Improving construction site safety

565 0


Falls from height remain the most common cause of fatality for those working in the construction sector in the UK, while slips and trips remain one of the most common causes of major injury. The Health and Safety Executive (HSE) offers helpful advice and practical guidance on the measures that can be taken on construction sites to avoid these preventable incidents.

In the construction sector alone, there were ten fatalities and 1,764 major injuries caused by slips trips and falls from height across 2008-2009. A further 2,156 of these types of incidents resulted in workers having to take more than three days off work. Combined, the cost to society of all slip, trip and fall incidents in all workplaces is around £800 million per year − costs which can be avoided if the correct health and safety measures are in place.

The Health and Safety Executive (HSE) has launched the latest phase of its ‘Shattered Lives’ campaign in a bid to encourage duty holders to do more to prevent these types of incidents from happening. Failing to manage risks effectively can shatter lives, leaving workers and their families to pick up the pieces and businesses paying a heavy price.

Best practice

The simplest, yet often most effective method of minimising slips, trips and falls is to keep the site in good order and work areas as tidy as possible while work is being carried out. Ensure there are separate pedestrian and vehicle traffic routes on site and that these are level, stoned up if muddy, and gritted when icy.

Planning deliveries to minimise the amount of materials on site and ensuring there are designated storage areas will contribute significantly to keeping a site in order; as will clear arrangements for the removal of waste and a reporting system for any order problems which may occur.

Making small, simple changes during bad weather can make construction sites significantly safer for workers. In icy, windy or wet conditions, ensure that work at height is not carried out if it is likely to compromise the health and safety of workers. Where possible, access equipment should not be used in wet weather; and it is important to check the manufacturer’s instructions for specific advice. Moreover, saturated or uneven surfaces can compromise stability of access equipment – workers should always check that the surface is able to bear the load placed on it.

Falls from scaffolding are a major cause of accidents in the construction industry. To safeguard workers on site, ensure that scaffold platforms have suitable edge protection (in the form of double guardrails and toe boards at every edge) to prevent people and materials from falling.

Working platforms should also be fully boarded, with no gaps through which a person could fall and scaffolding should be regularly inspected. Overlapping of scaffold boards should be avoided to prevent people tripping and falling over the uneven surface. Effective barriers or warning notices should be in place to stop people using incomplete scaffolding. If anything is out of place or damaged, bosses should advise workers to report it immediately – a simple yet effective way of keeping on top of health and safety.

Advertisement
Advertisement

Working on roofs and Mobile Elevated Work Platforms (MEWP), can also present risks. To prevent falls from roofs, make sure there is always a safe route onto the roof, for example, by using a general access scaffold with secured ladder or stair tower. Always ensure there is edge protection to all elevations to prevent people or materials falling and avoid tiling work in wet or icy weather.

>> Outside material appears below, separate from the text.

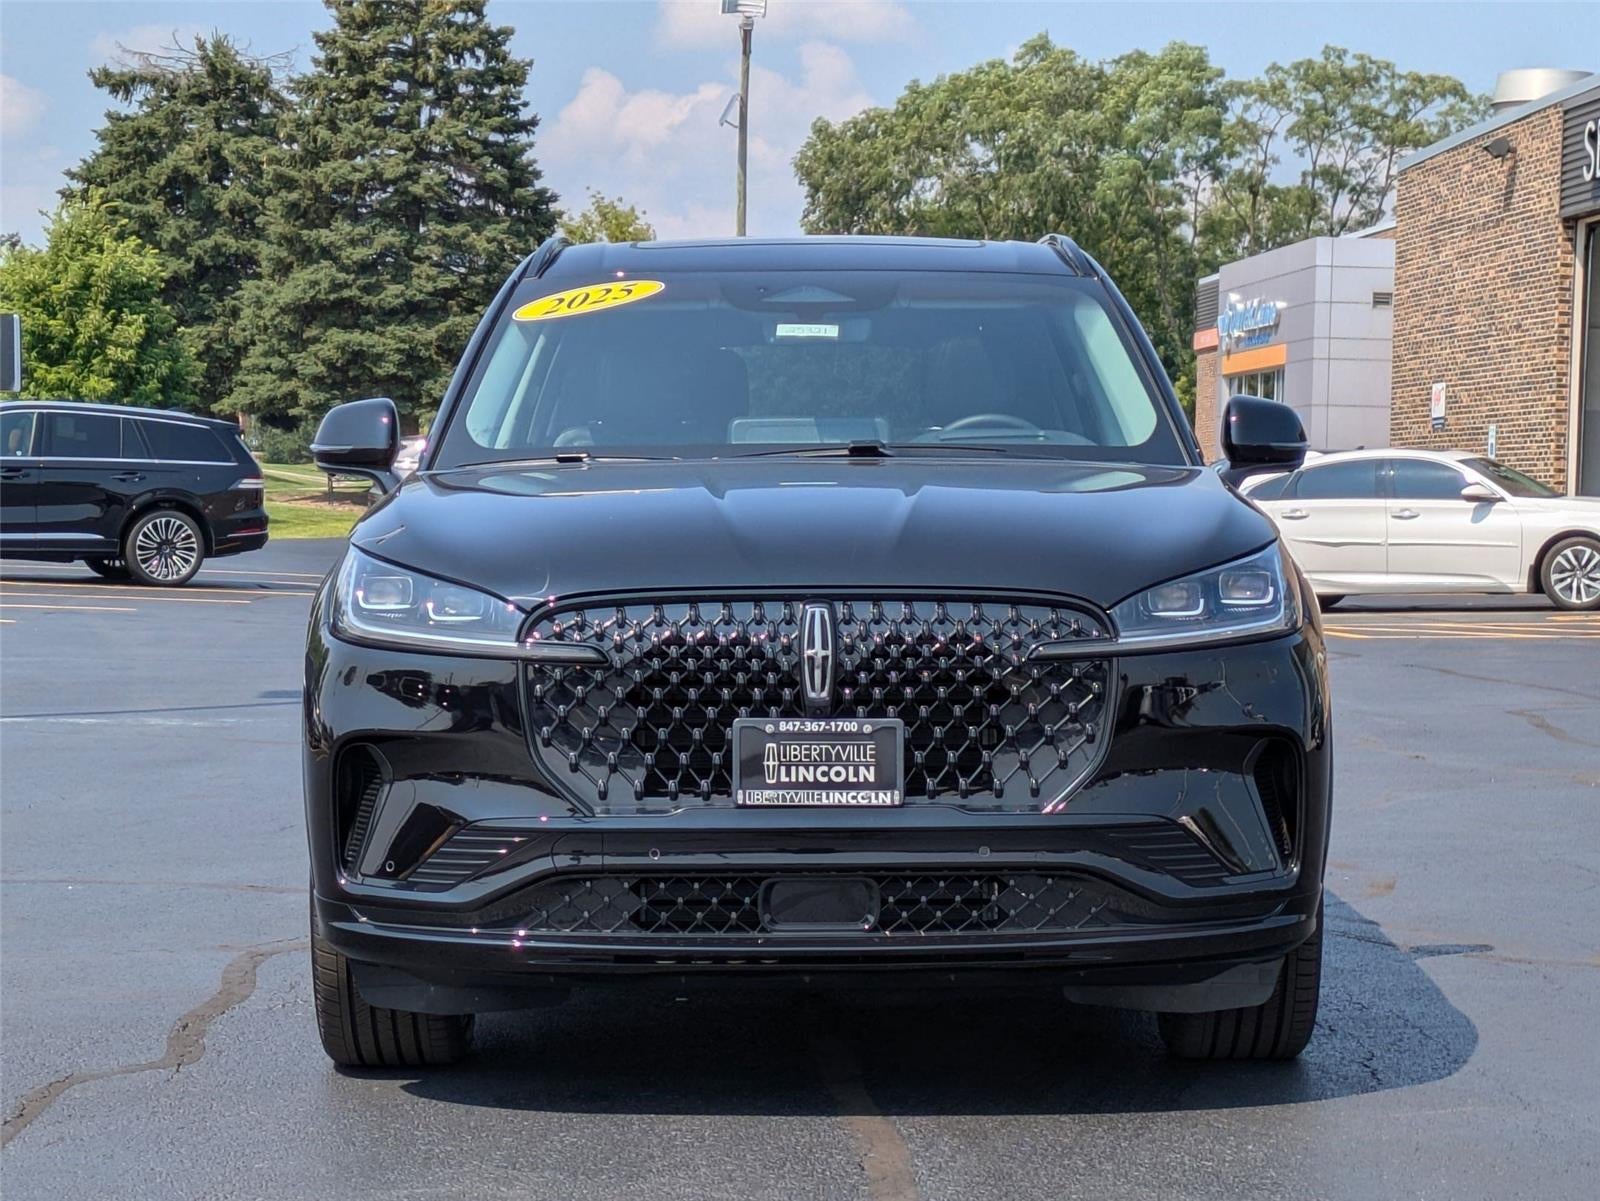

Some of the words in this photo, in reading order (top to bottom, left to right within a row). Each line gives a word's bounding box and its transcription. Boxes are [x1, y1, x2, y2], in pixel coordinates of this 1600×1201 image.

[542, 283, 638, 315] 2025
[779, 721, 858, 732] 847-367-1700
[780, 744, 876, 762] LIBERTYVILLE
[780, 765, 875, 783] LINCOLN

When using a MEWP, all work should be properly planned out, ensuring that the correct MEWP has been chosen for the job and the operator is fully trained. The MEWP should have an emergency stop at ground level and the work platform should have suitable barriers, such as guard rails and toe boards. Also, wearing personal fall protection such as harnesses and short work-restraint lanyards should be considered when using a boom-type MEWP.

Getting the know-how

Effective training in health and safety at the start of a career will embed good practice and awareness of risks. This will go a long way towards improving safety across the industry.

To help ensure this happens, the National Construction College (NCC), which is the largest construction training provider in Europe, provides a range of training to more than 30,000 learners each year across its seven sites. Health and safety is a key part of the training delivered by the college, which equips both new students and those already working within the industry with the ability to recognise dangers in the workplace and know how best to avoid them.

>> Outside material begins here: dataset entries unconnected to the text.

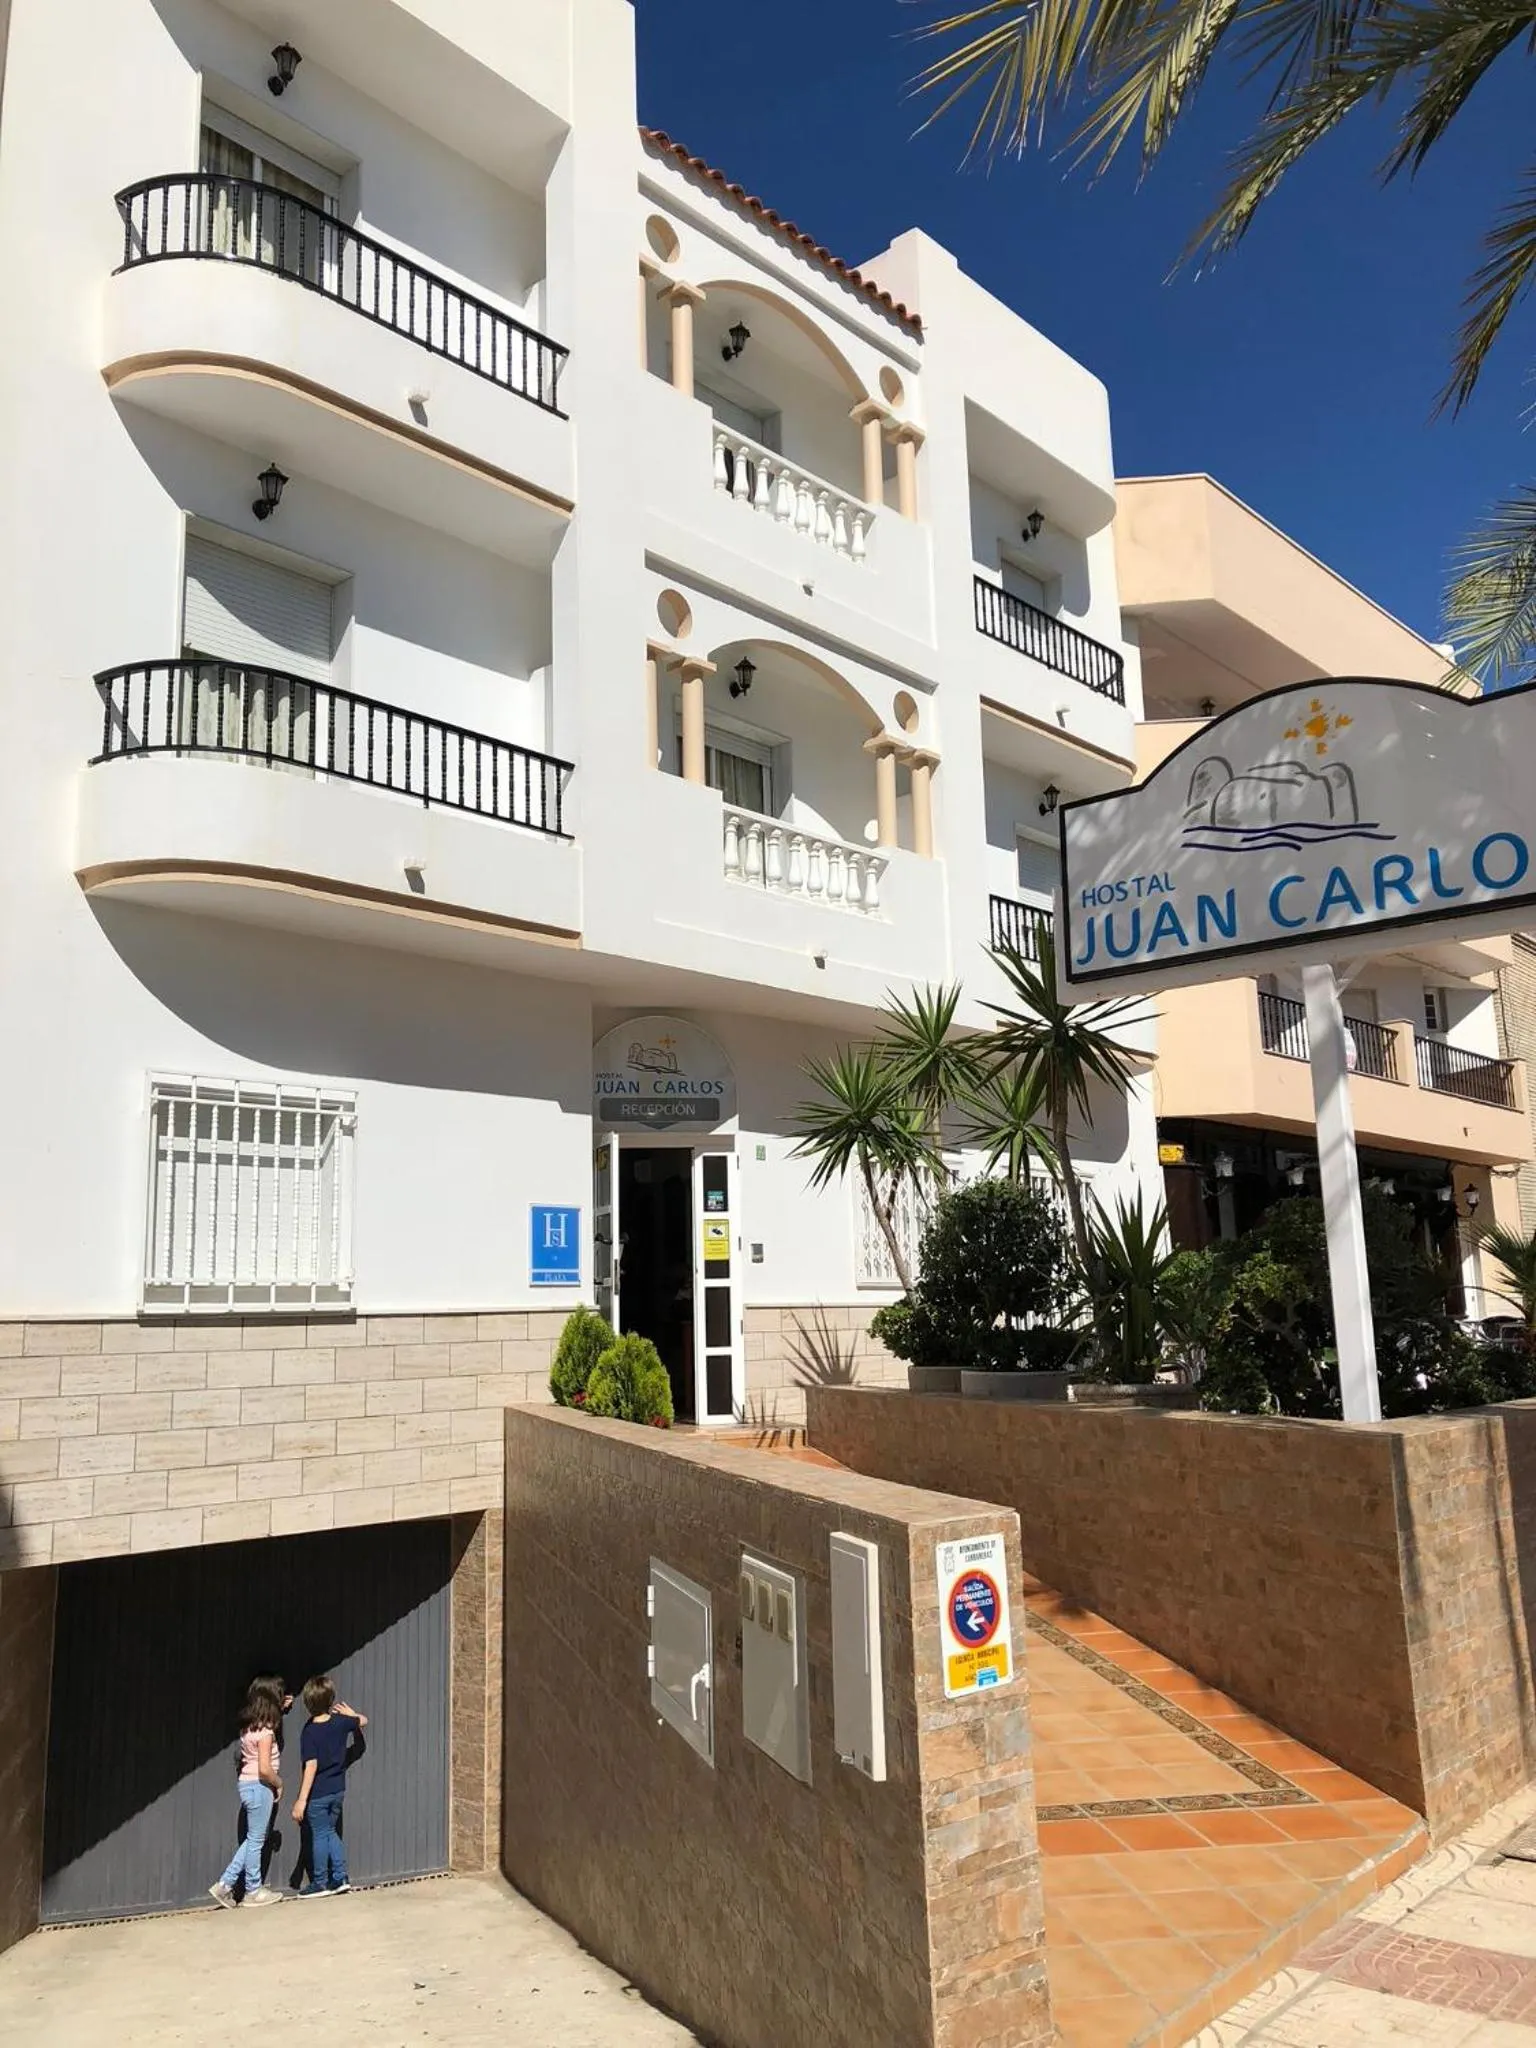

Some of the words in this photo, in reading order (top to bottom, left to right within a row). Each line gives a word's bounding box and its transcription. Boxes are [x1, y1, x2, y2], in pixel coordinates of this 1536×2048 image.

[1075, 887, 1238, 966] JUAN
[1269, 832, 1530, 928] CARLO
[1081, 872, 1176, 909] HOSTAL
[594, 1080, 640, 1095] JUAN
[652, 1080, 724, 1095] CARLOS
[621, 1101, 697, 1116] RECEPCIÓN

Meanwhile, to combat preventable slips, trips and falls from height, the HSE has launched a new website: www.hse.gov.uk/shatteredlives, which includes free e-learning tools; the Slips and Trips E-learning Package (STEP) and the Work at height Access Equipment Information Toolkit (WAIT).


NG Bailey

Buildings services and systems providers NG Bailey has been developing installation techniques and strategies to reduce the risks associated with working at height.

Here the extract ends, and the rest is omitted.